The role of organizational design and culture in the value-based healthcare movement: The case of the Cleveland Clinic
The Cleveland Clinic was founded in 1921 as a multi-specialty group practice staffed and run by four physicians who had served in a military hospital in France during World War I. The four men—Drs. Crile, Lower, Bunts, and Philips—were inspired by a vision of a healthcare system in which physicians “acted as a unit,” collaborating in ways that departed radically from the back-then norm of fiercely independent and competitive physicians and practices. In so doing, the Cleveland Clinic challenged the status quo of physicians as “heroic lone healers.”1
Over the next 101 years, the collaborative vision that gave rise to the Clinic evolved into a nonprofit healthcare system made up of 22 hospitals and 275 outpatient facilities around the globe, including Cleveland Clinic hospitals in Abu Dhabi and London. The Main Campus in Cleveland today has some 1300 hospital beds where patients are treated by over 3000 physicians supported by 40,000 other caregivers, including 11,000 nurses. In aggregate, the Clinic now employs over 77,000 caregivers worldwide—a group that includes more than 5500 physicians and scientists, 3500 advanced practice providers, 2000 trainees, and 15,000 nurses. In 2022, this group of 77,000 treated 3.4 million patients with distinction.2 The Cleveland Clinic has consistently been ranked as a top hospital in US News and World Report rankings, with many top-ranked specialties. For example, the Clinic has been ranked #1 in the category of Cardiology and Heart & Vascular Surgery in all 29 years the rankings have been undertaken.

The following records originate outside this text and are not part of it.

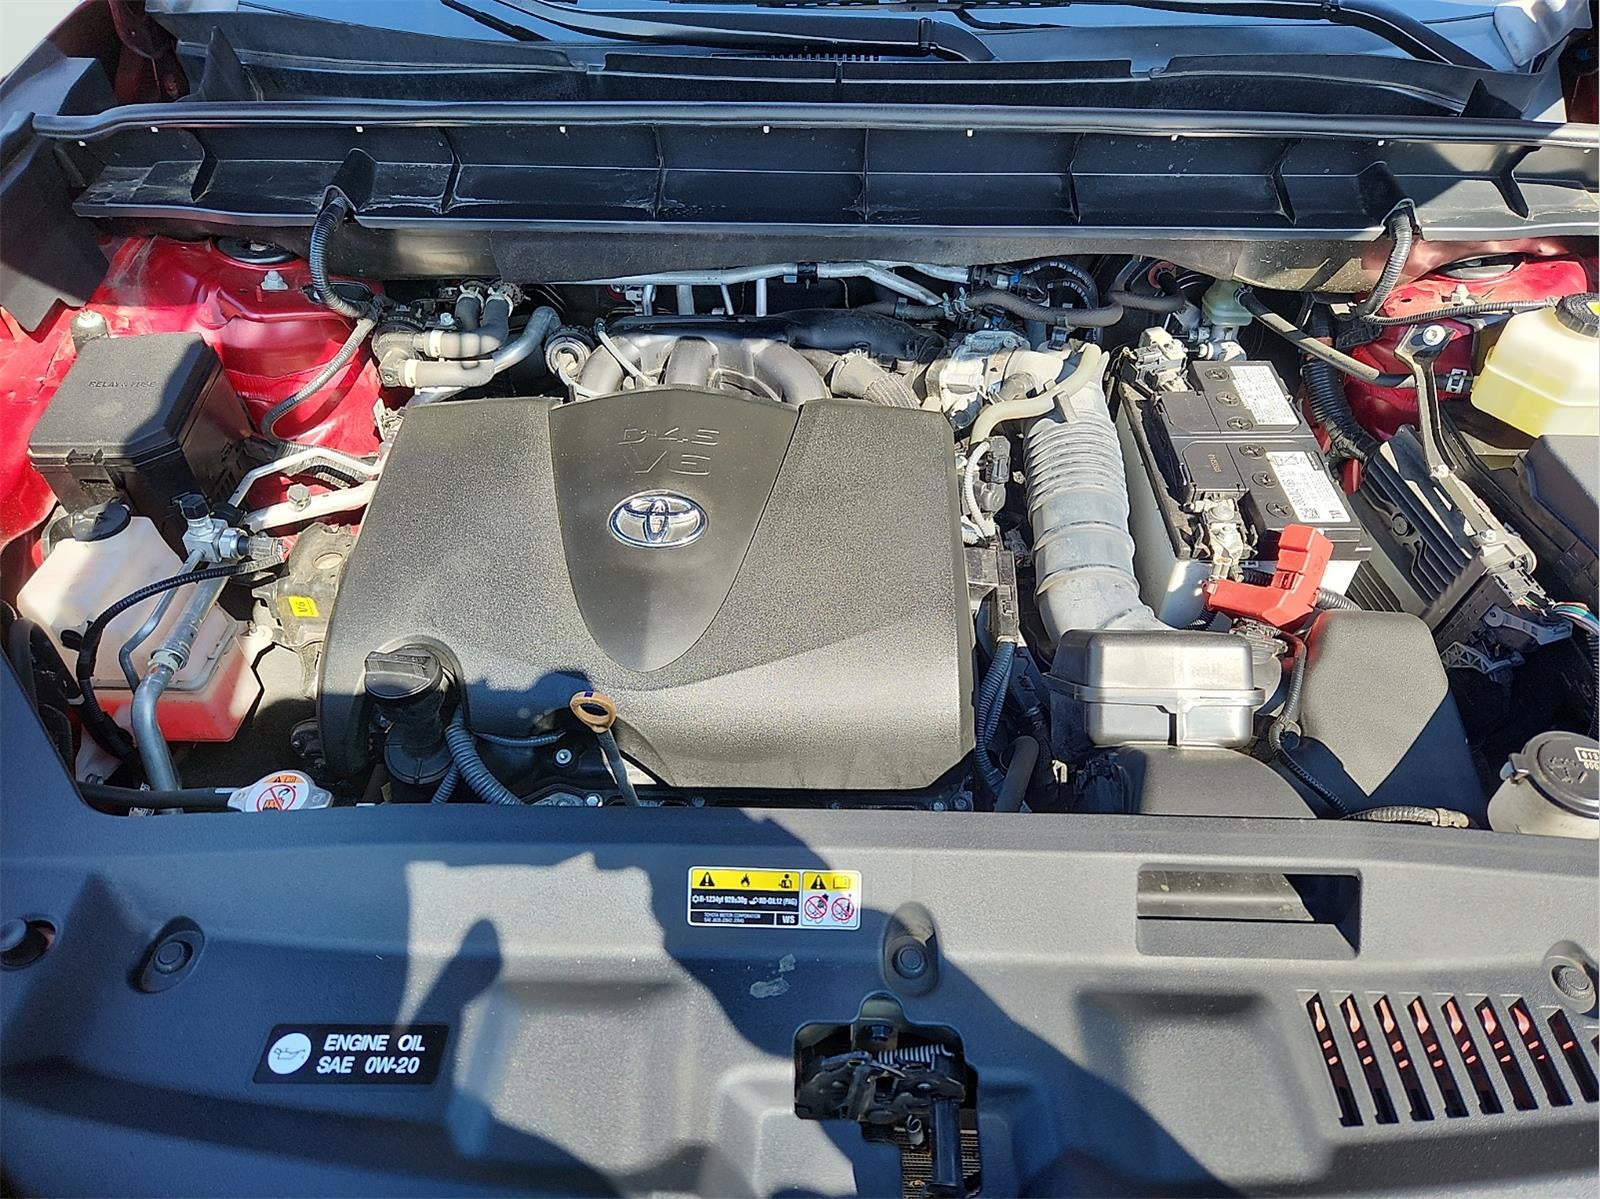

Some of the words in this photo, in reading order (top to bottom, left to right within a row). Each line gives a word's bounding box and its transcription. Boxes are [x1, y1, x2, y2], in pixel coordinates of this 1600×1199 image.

[782, 915, 796, 924] WS
[323, 1034, 390, 1051] ENGINE
[397, 1034, 426, 1052] OIL
[316, 1055, 355, 1074] SAE
[364, 1056, 420, 1074] 0W-20

The stellar rankings and performance of the Clinic have also received national recognition, perhaps most memorably during President Obama's much-publicized trip to Cleveland in 2012, when the Clinic's practices and accomplishments were held up as a model for American healthcare. The Clinic's reputation owes importantly to its ongoing commitment to continuous improvement in carrying out its three-part mission of “caring for life, researching for health, and educating those who serve.” One such improvement was a fundamental and innovative transformation of the Clinic's organizational structure, or “org chart,” in 2008.
Until 2008, the Clinic was organized, like most hospitals (and colleges and their medical schools), into separate “departments” corresponding to their special areas of expertise—departments of Surgery, Internal Medicine, Neurology, and so forth. This departmental organization is a traditional structure that reflects the guild-like nature of medical training, and the bond of common experience shared by physicians working in the same specialties. Departments (or divisions) are further broken down into medical subspecialties such as Cardiology, Nephrology, Rheumatology, and Gastroenterology, and the surgical specialties of Cardiovascular Surgery, Urology, Orthopedics, and other disease-oriented surgical disciplines.

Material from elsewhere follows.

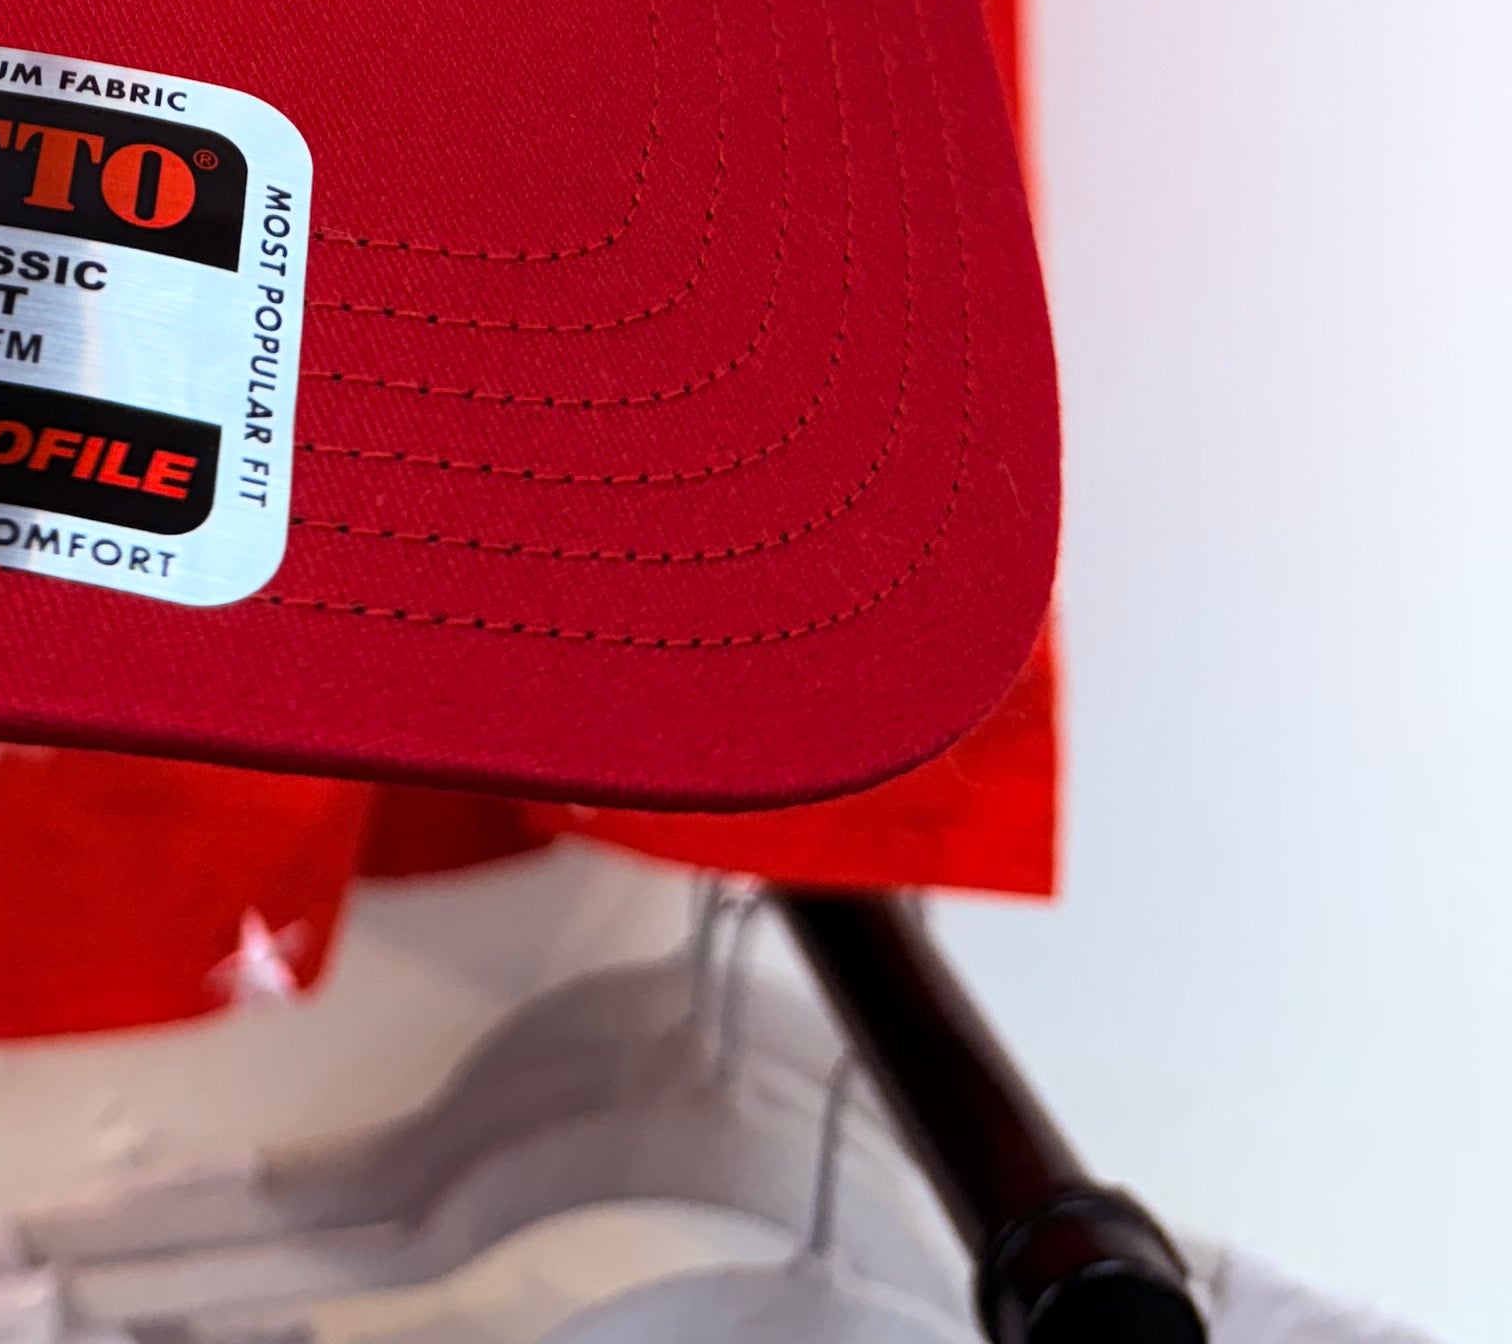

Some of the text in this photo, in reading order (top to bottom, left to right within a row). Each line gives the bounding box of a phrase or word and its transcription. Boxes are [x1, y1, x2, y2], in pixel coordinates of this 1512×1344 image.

[58, 69, 190, 113] FABRIC
[238, 184, 293, 507] MOST POPULAR FIT

This traditional structure of guild-based departments was completely revamped in 2008 under the direction of the Clinic's then-CEO and President, Dr. Toby Cosgrove. After joining the Clinic in 1975 and becoming chairman of its Department of Thoracic and Cardiovascular Surgery in 1989, Cosgrove was appointed CEO in 2004 (a position he held until his retirement in 2017). Early in 2008—and just weeks before one of the present writers joined the Clinic as head of its Cardiac Electrophysiology section—all the departments were reorganized and replaced by 22 new “Institutes” dedicated to serving the Clinic's three-part mission of patient care, medical research, and continuing education of caregivers.
Reinforcing such resistance to change were “powerful forces,” including “the inertia and the temptation to continue doing things the way they've always been done.” “After all,” as Cosgrove stated, “the Clinic was already one of the most successful hospitals in the world, so if it wasn't broke, why fix it?”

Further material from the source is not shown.